85 unclaimed bodies in northern mortuaries

Eighty-five unclaimed bodies are lying in state mortuaries in the Ohangwena, Oshana and Oshikoto regions.

Of these, 17 are in the Onandjokwe Hospital mortuary, 23 at Engela, 39 at Eenhana, four at

Okongo and two at Oshakati.

According to a report from Onandjokwe Hospital that was issued two weeks ago, some of the deceased died some time last year but their families have not yet come forward to claim their bodies.

The report indicates that some of the deceased have been in the mortuaries since February 2023.

The deceased include a mix of adults (both Namibian and Angolan nationals) and children.

Josua Nghipangelwa

Oshikoto regional health director Josua Nghipangelwa said in Oshikonto , five of the deceased are adults (two Angolans and three Namibian), while 12 are children and babies.

He said the bodies should be collected from the mortuary within 14 days and if they stay longer they may decompose.

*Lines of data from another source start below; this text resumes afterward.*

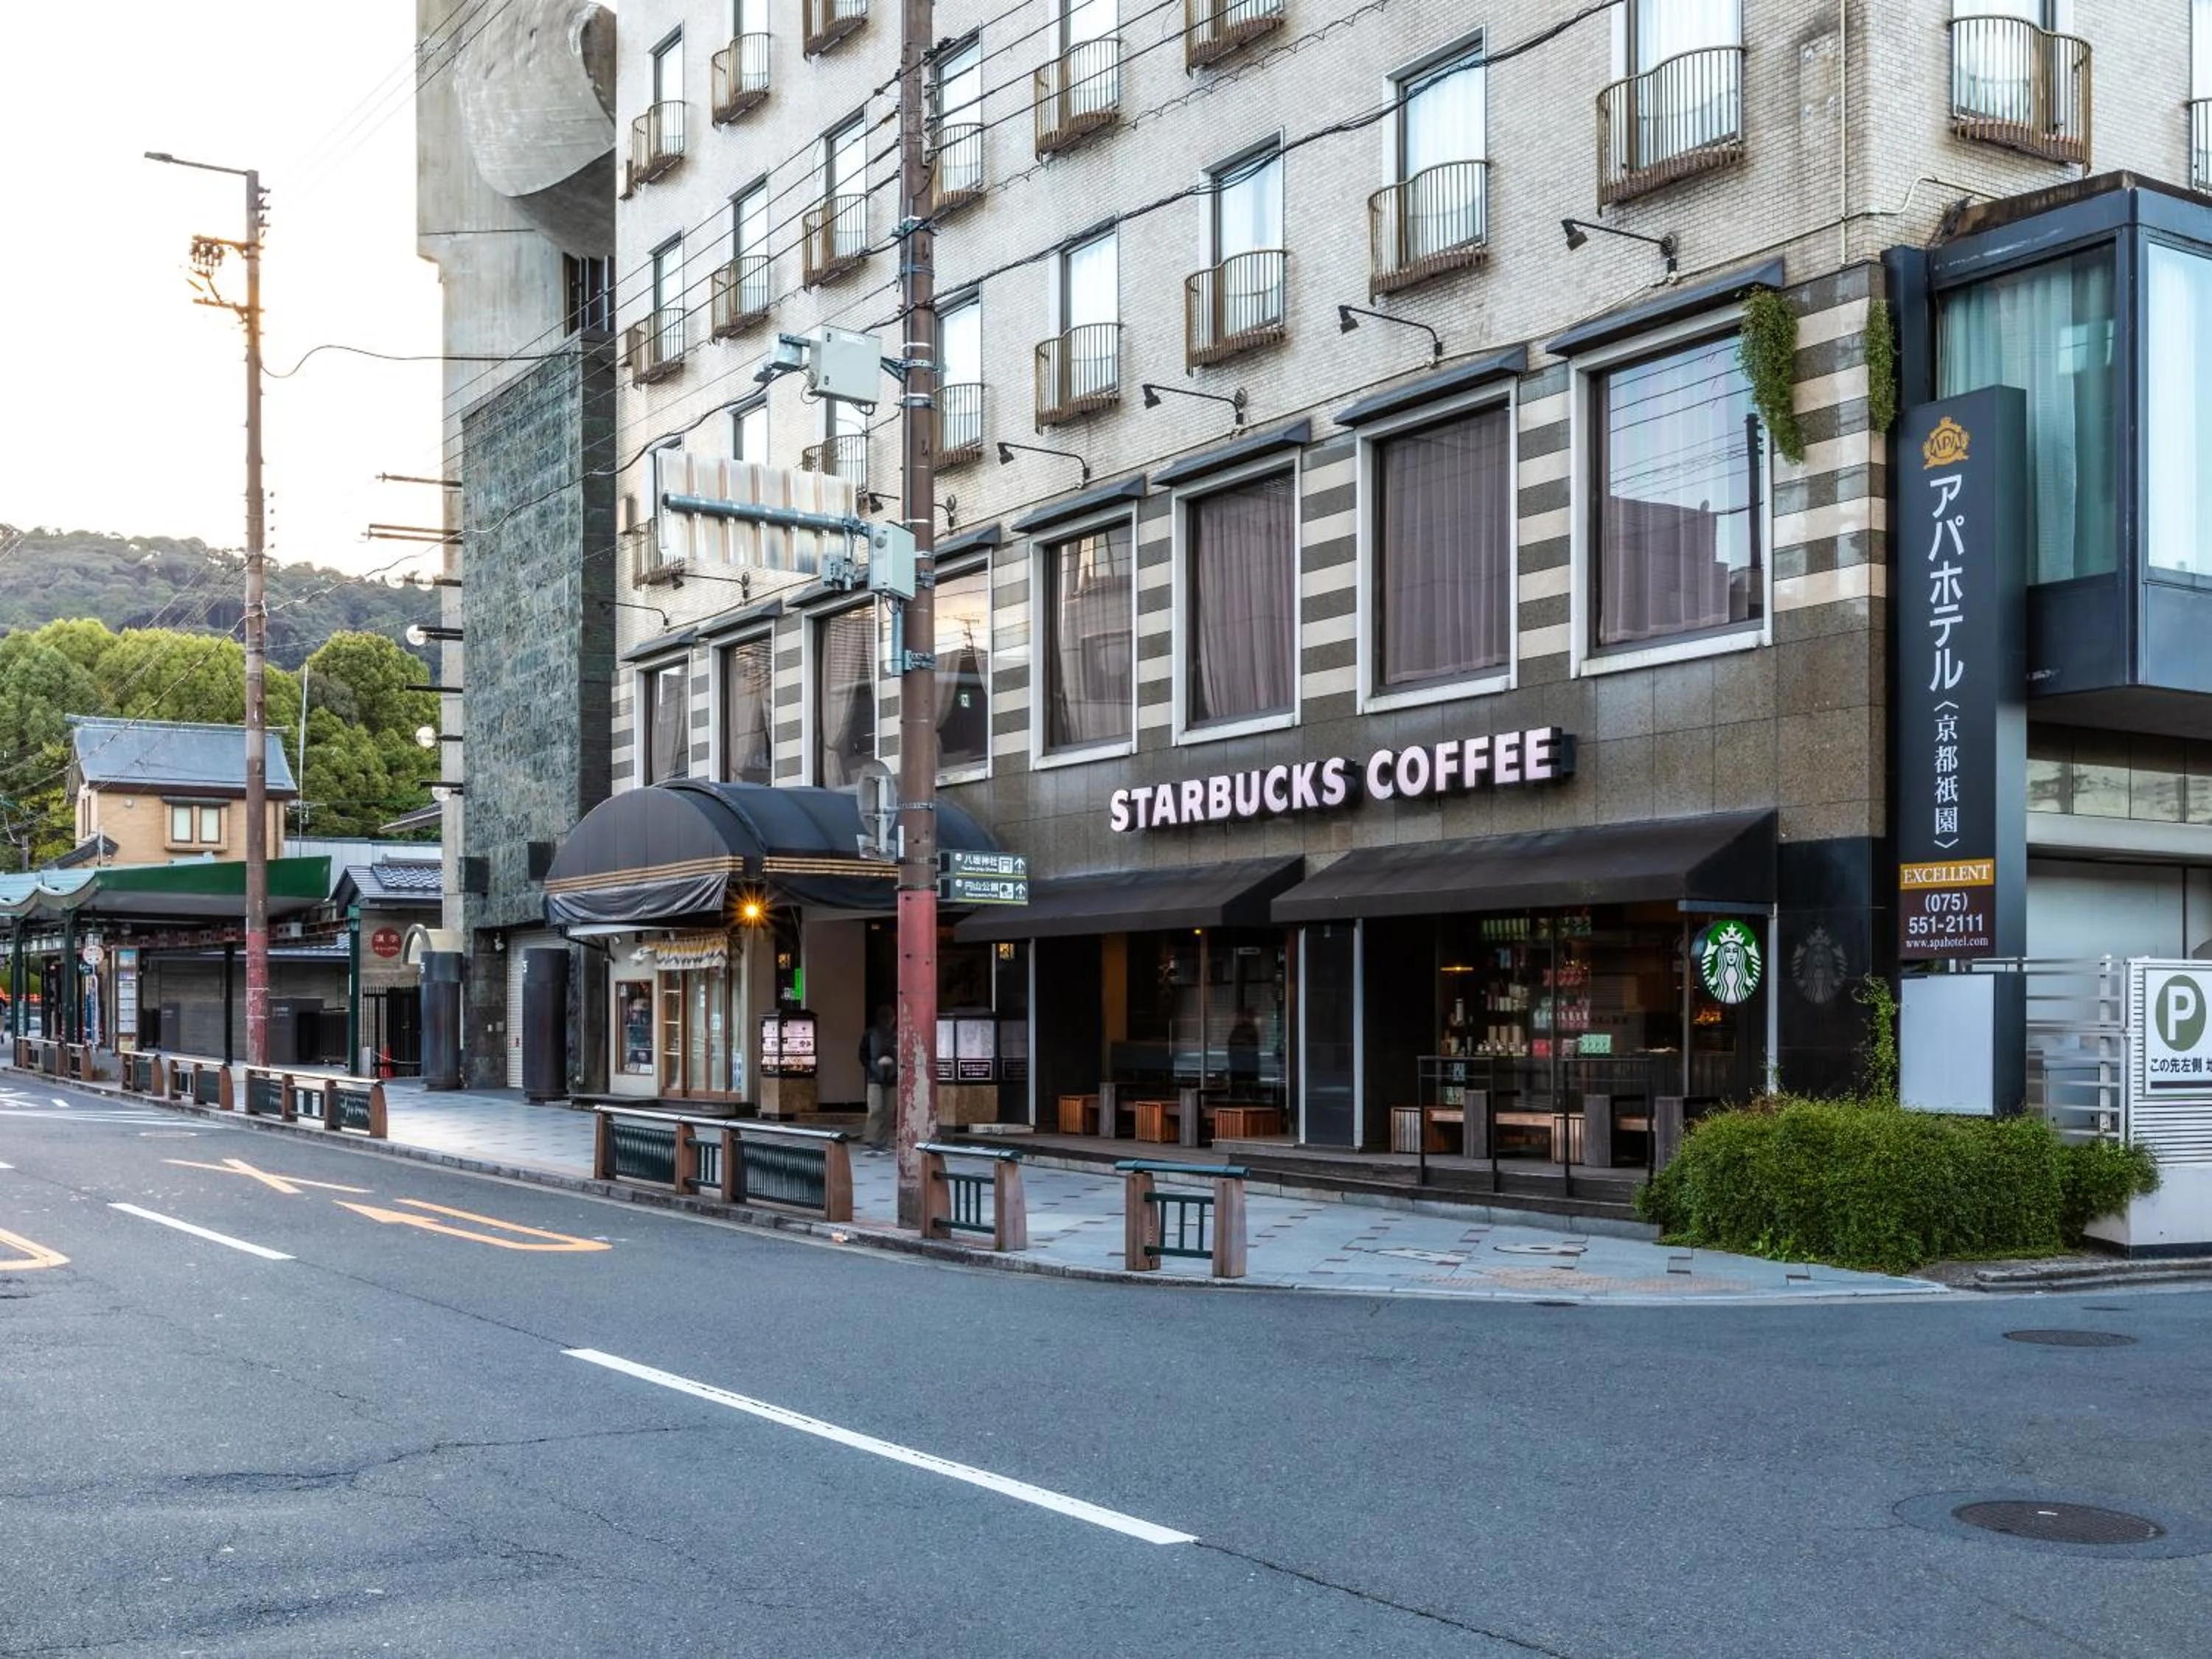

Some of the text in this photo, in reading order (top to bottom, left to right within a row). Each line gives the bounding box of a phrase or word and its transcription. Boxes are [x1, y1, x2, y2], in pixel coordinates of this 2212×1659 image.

[1928, 474, 1965, 692] アパホテル
[1110, 726, 1551, 832] STARBUCKS COFFEE
[1904, 863, 1990, 884] EXCELLENT
[1925, 892, 1968, 913] (075)
[1908, 914, 1983, 935] 551-2111
[1905, 935, 1989, 950] www.apahotel.com
[2167, 986, 2197, 1041] P
[2150, 1057, 2202, 1073] この先左側
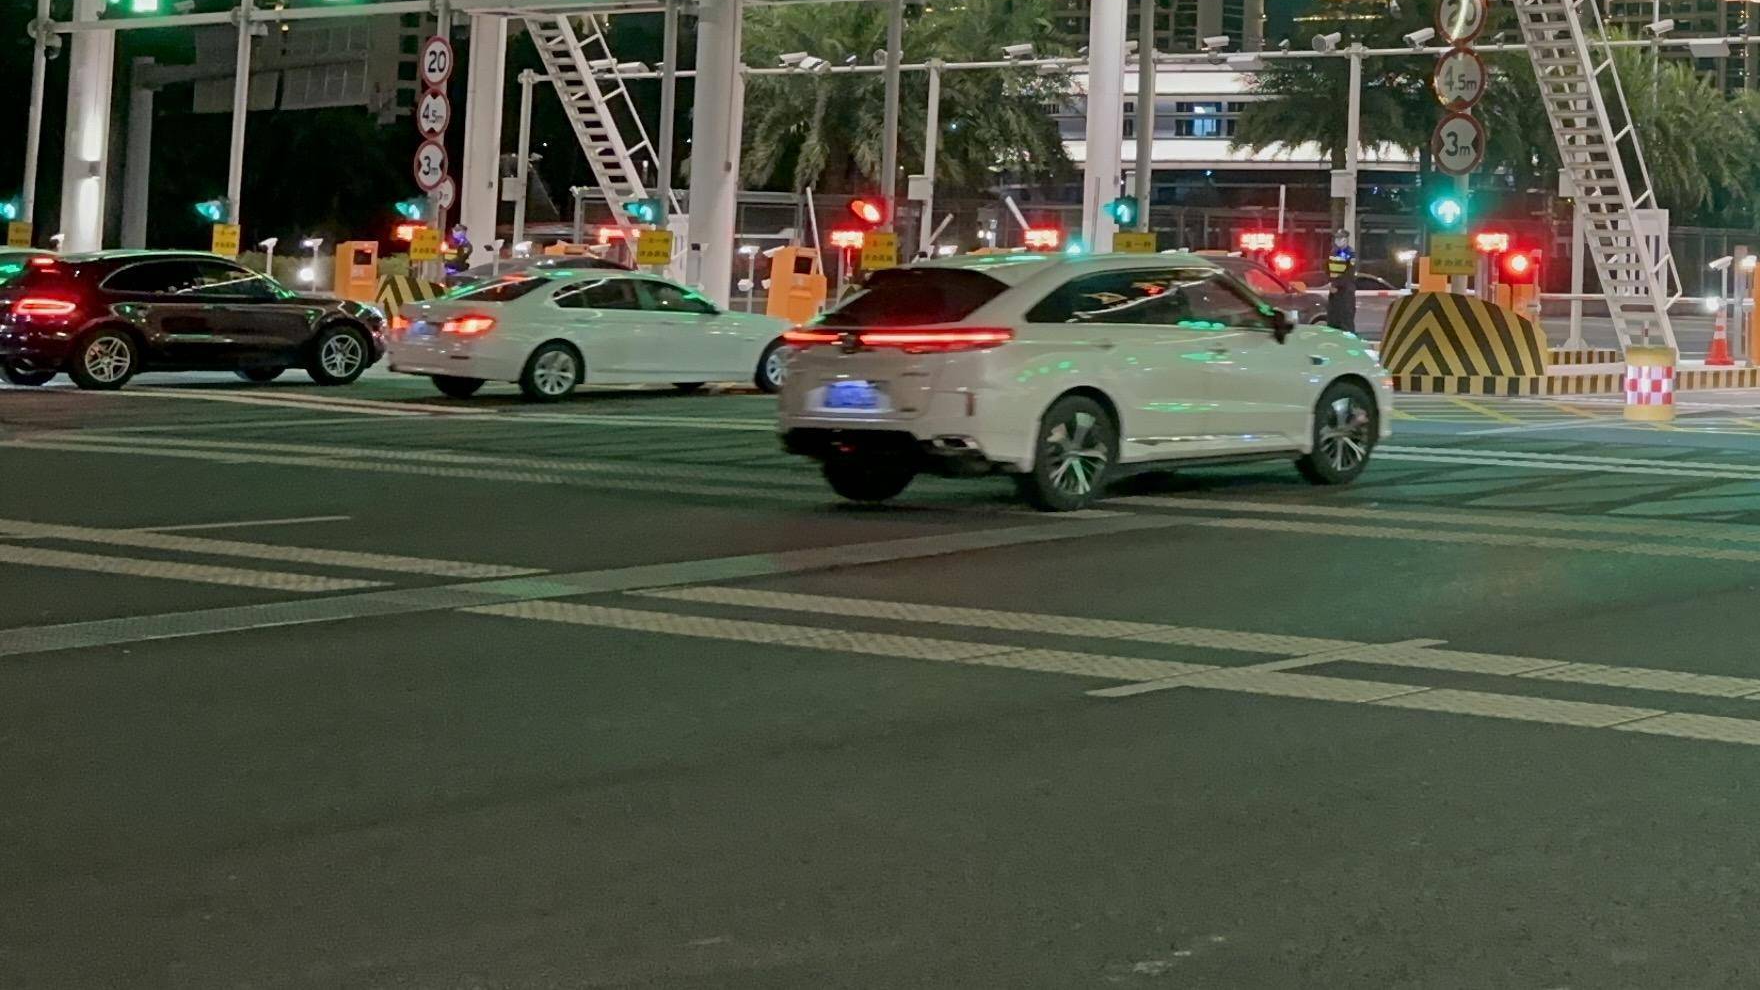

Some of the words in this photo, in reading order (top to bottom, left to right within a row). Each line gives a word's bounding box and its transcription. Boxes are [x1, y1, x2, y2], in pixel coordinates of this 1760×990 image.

[427, 50, 448, 74] 20
[1443, 65, 1478, 92] 4.5m
[1445, 130, 1471, 157] 3m
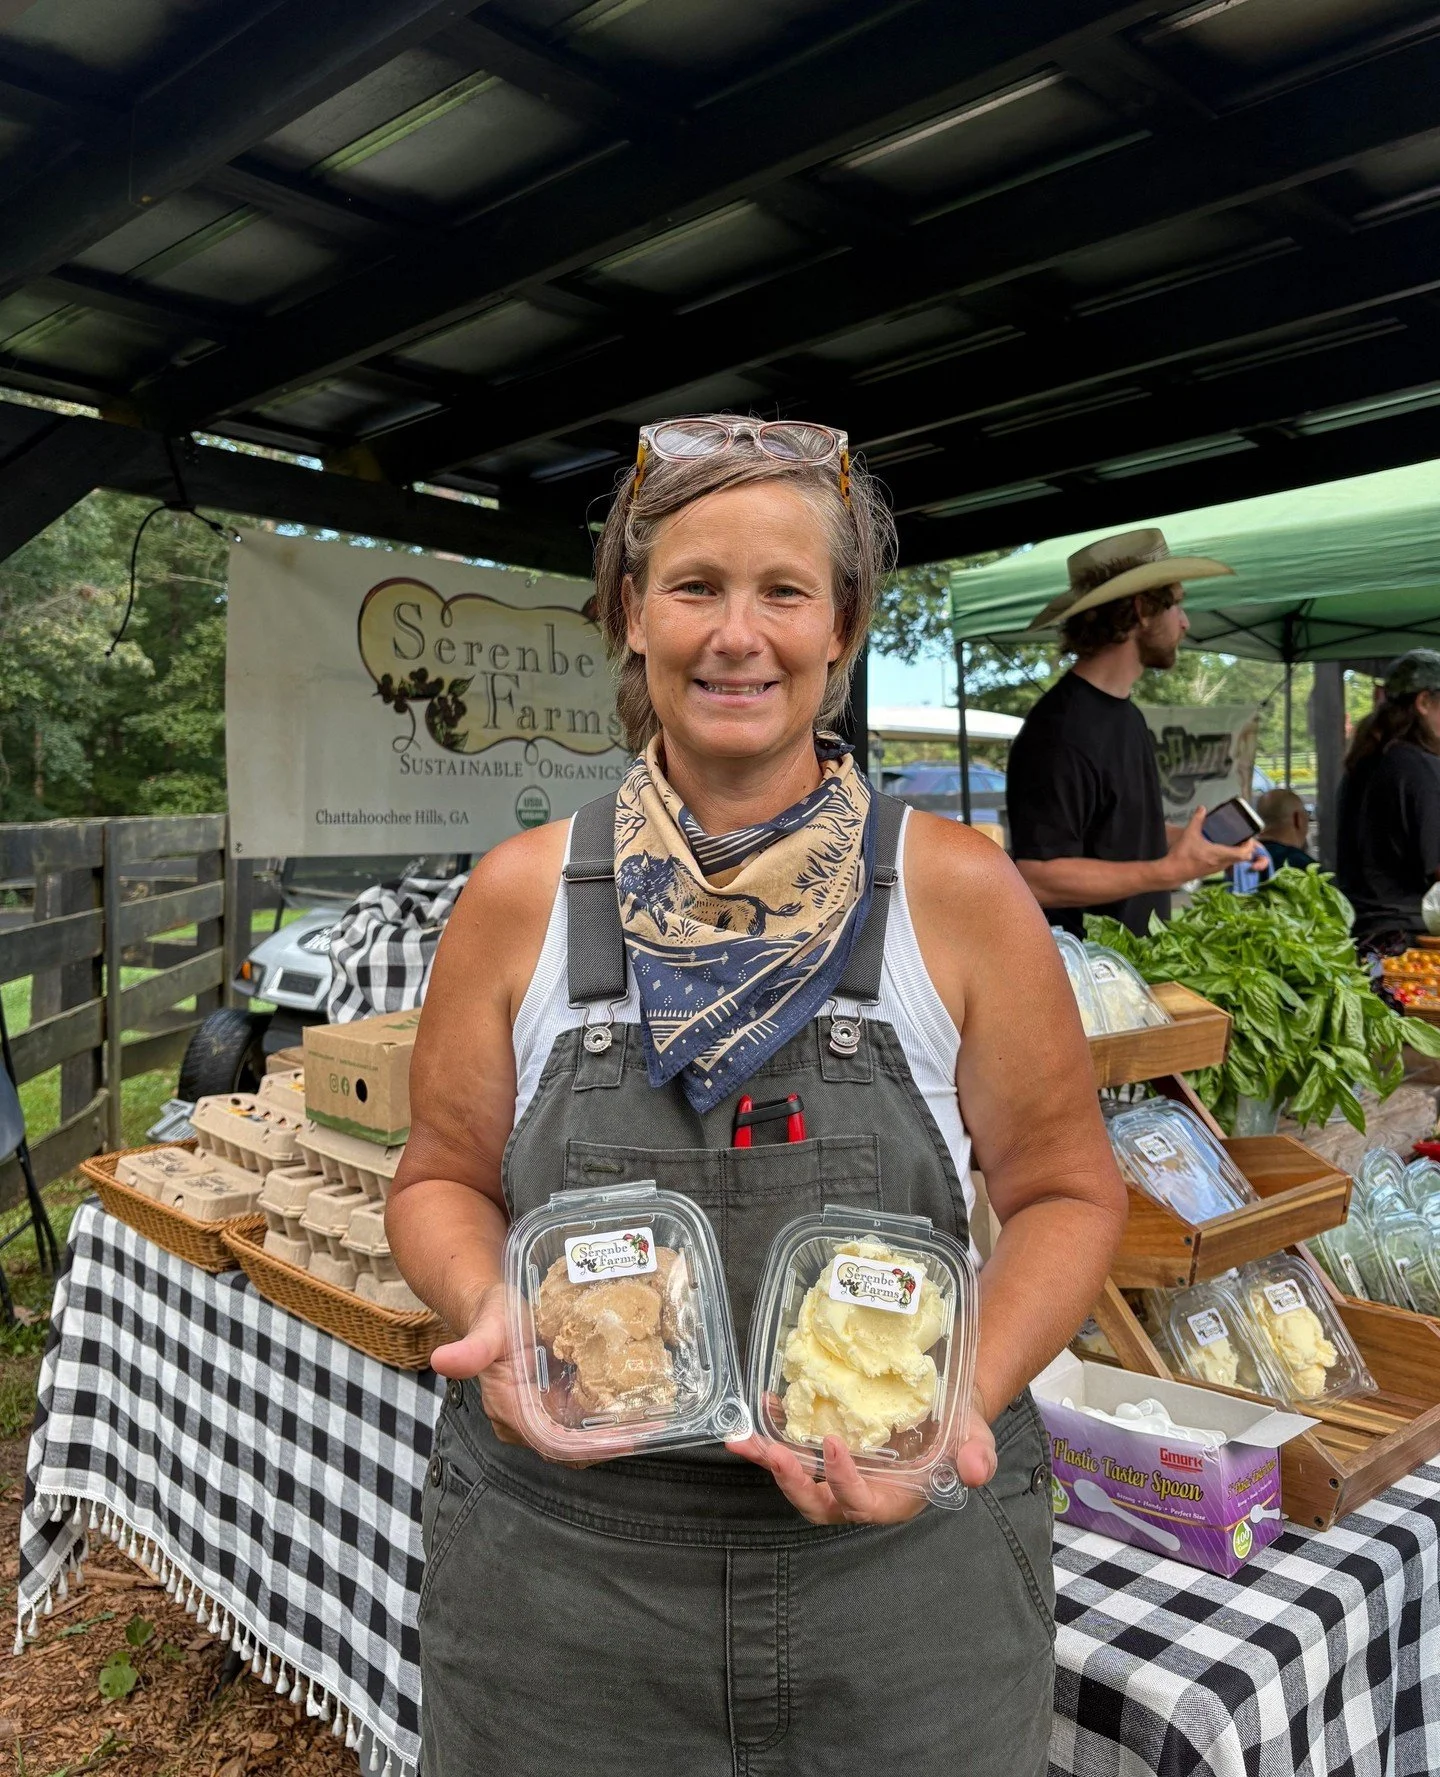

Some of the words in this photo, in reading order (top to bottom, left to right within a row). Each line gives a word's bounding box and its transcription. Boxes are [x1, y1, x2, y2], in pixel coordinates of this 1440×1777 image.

[393, 602, 595, 678] Serenbe
[480, 671, 623, 737] Farms
[400, 753, 523, 778] SUSTAINABLE
[538, 758, 622, 780] ORGANICS
[315, 808, 412, 825] Chattahoochee
[415, 808, 446, 826] Hills,
[449, 811, 469, 825] GA
[579, 1243, 628, 1259] Serenbe
[597, 1254, 637, 1267] Farms
[845, 1267, 894, 1286] Serenbe
[862, 1281, 900, 1299] Farms
[1159, 1447, 1203, 1468] Gmark
[1053, 1438, 1100, 1473] Plastic
[1101, 1456, 1149, 1488] Taster
[1151, 1469, 1203, 1502] Spoon
[1116, 1492, 1136, 1504] Strong
[1170, 1507, 1192, 1518] Perfect
[1193, 1512, 1206, 1521] Size

Nghipangelwa said some bodies remain in the mortuary unclaimed for a year and when the morgue is full, they request permission to hold a pauper’s burial.

He urged families who may face financial constraints to notify the health directorate in the region for possible assistance.

An official from Oshakati Intermediate Hospital has confirmed that there are unclaimed bodies in the hospital mortuary, while hospital superintendent Ruben Kanime did not respond to questions sent to him last week.

Oshana police spokesperson chief inspector Thomas Aiyambo said there are two unclaimed bodies at the police morgue at Oshakati Police Station. The bodies have been in the mortuary since last year November and December.

Meanwhile, Ohangwena health director George Jeremia said the situation of unclaimed bodies in hospital mortuaries is reflected in many other regions.

Jeremia said there are 43 unclaimed bodies in morgues in the Ohangwena region, with most being babies. He said the majority of the babies were born prematurely.

Jeremia further said three unclaimed bodies of adults and those of 36 babies are at Eenhana District Hospital.

According to him, although the mothers of the babies register the names of their villages in Namibia, they are nowhere to be found when the hospitals try to trace them.

Jeremia said when bodies remain in morgues for too long, hospitals get court permits and ministerial approval allowing the government to conduct burials for the deceased.

Jeremia urged family members with loved ones’ bodies at hospital mortuaries to claim them.

“Everything is changing nowadays, from the increasing population, deaths and many other things. Having too many unclaimed bodies is also a problem when the mortuary breaks, because it can break down anytime, and the procurement processes are not so favourable when it comes to fixing it. We thus call on families to come forward and claim their loved ones’ bodies for burials.

“This will also create space for those bodies that are coming in. Even if you do not have funds to do a burial, come forward and tell us so that we can make arrangements,” said Jeremia.

Ministry of Health and Social Services executive director Ben Nangombe told The Namibian last week that families from marginalised communities who are unable to bury their loved ones can get assistance from the Ministry of Gender Equality, Poverty Eradication and Social Welfare.